Historical Significance: Matthew Luckiesh DSc, DE (1883 - 1967) was a physicist and Director of General Electric's Lighting Research Laboratory at its Nela Park National Lamps Works facility in East Cleveland, Ohio, where he pursued research on light and vision. In his day, he was known as the "Father of the Science of Seeing." at least in the world of illuminating engineering. He developed several theories on colour and its physiological effect on people. He was also interested in determining the conditions under which optimal visibility was achieved, and in examining the relationship between light and seeing, in order to design better types of lamps. During World War I he studied camouflage, and later invented artificial sunlight and germicidal lamps.
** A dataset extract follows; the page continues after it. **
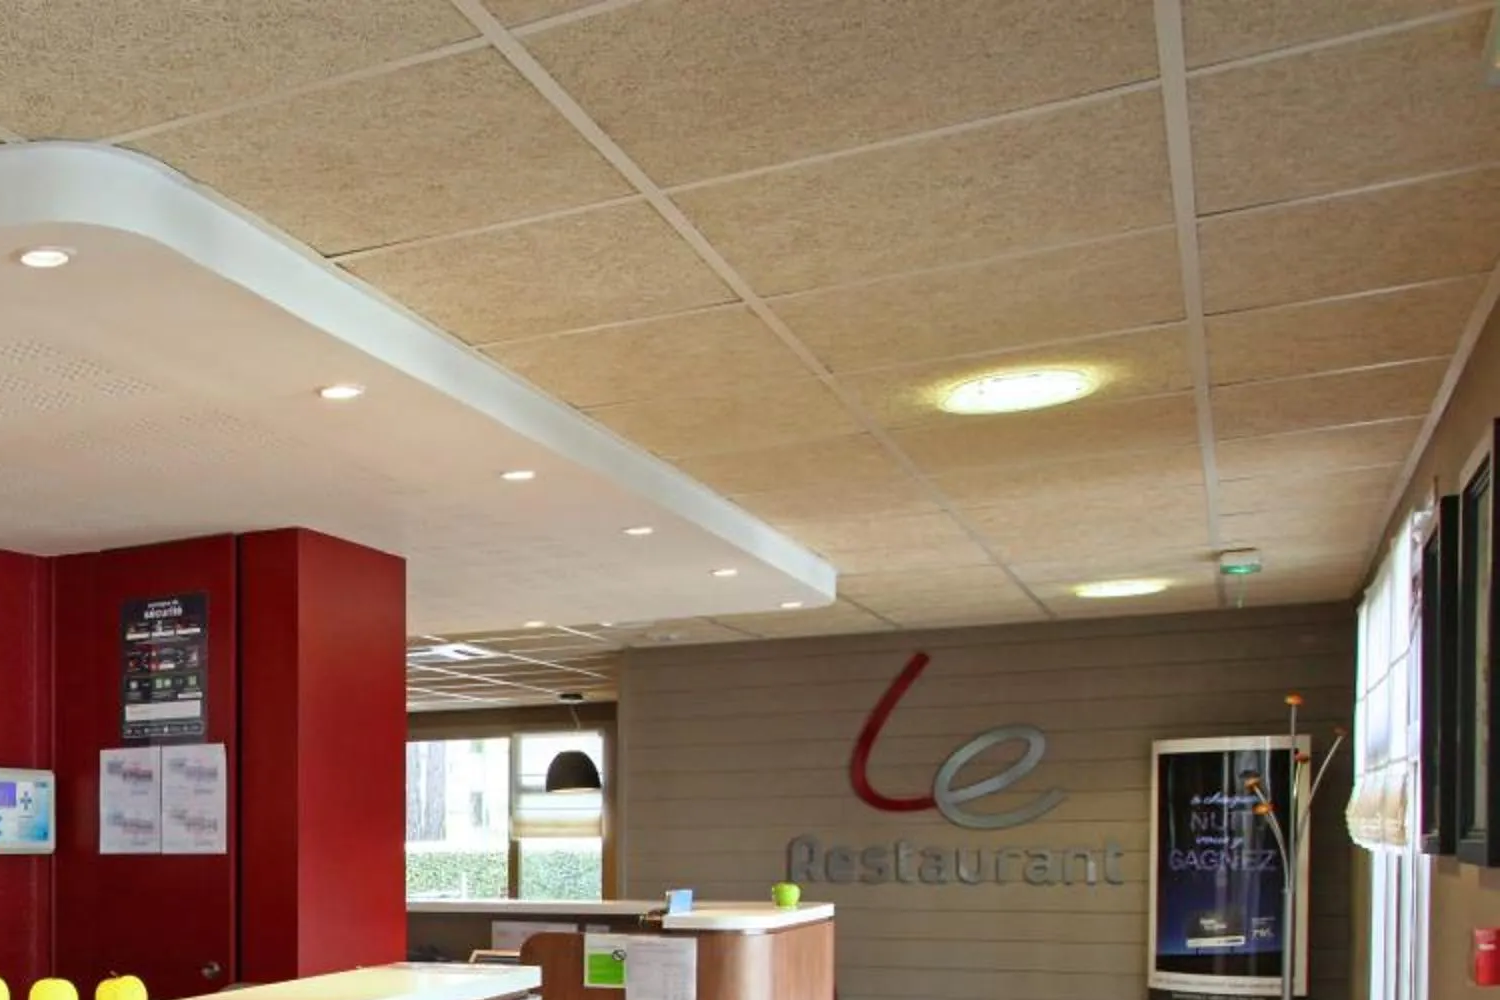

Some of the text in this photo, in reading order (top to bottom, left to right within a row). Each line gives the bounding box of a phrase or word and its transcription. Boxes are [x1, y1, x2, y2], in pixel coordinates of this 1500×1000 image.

[850, 651, 1067, 830] Le
[786, 834, 1125, 886] Restaurant
[1169, 848, 1277, 871] GAGNEZ
Luckiesh produced eleven U.S. patents, 28 books and about 860 scientific and technical articles, published between 1911 and 1960. Asked how to say his name, he told The Literary Digest "My name is pronounced as if it were spelled loo'kish. The u in the first syllable is the u in rude, and the second syllable rhymes with dish." He devised the MAZDA Flametint Lamp, which was designed to create mood and to resemble the colour of licking flames and the MAZDA Daylight Lamp, that had coiled tungsten filaments and transparent blue glass to produce high colour temperature daylight. In 1940, He and Frank Moss compared 5th and 6th grade students in well-lit classrooms to students in regular (poorly-lit) classrooms, and found significant increases in the scores on the New Stanford Achievement Test were demonstrated by the students in the well-lit classrooms, although the study may be flawed by confounding variables. Luckiesh also developed the 'Visibility Meter' with Frank Moss.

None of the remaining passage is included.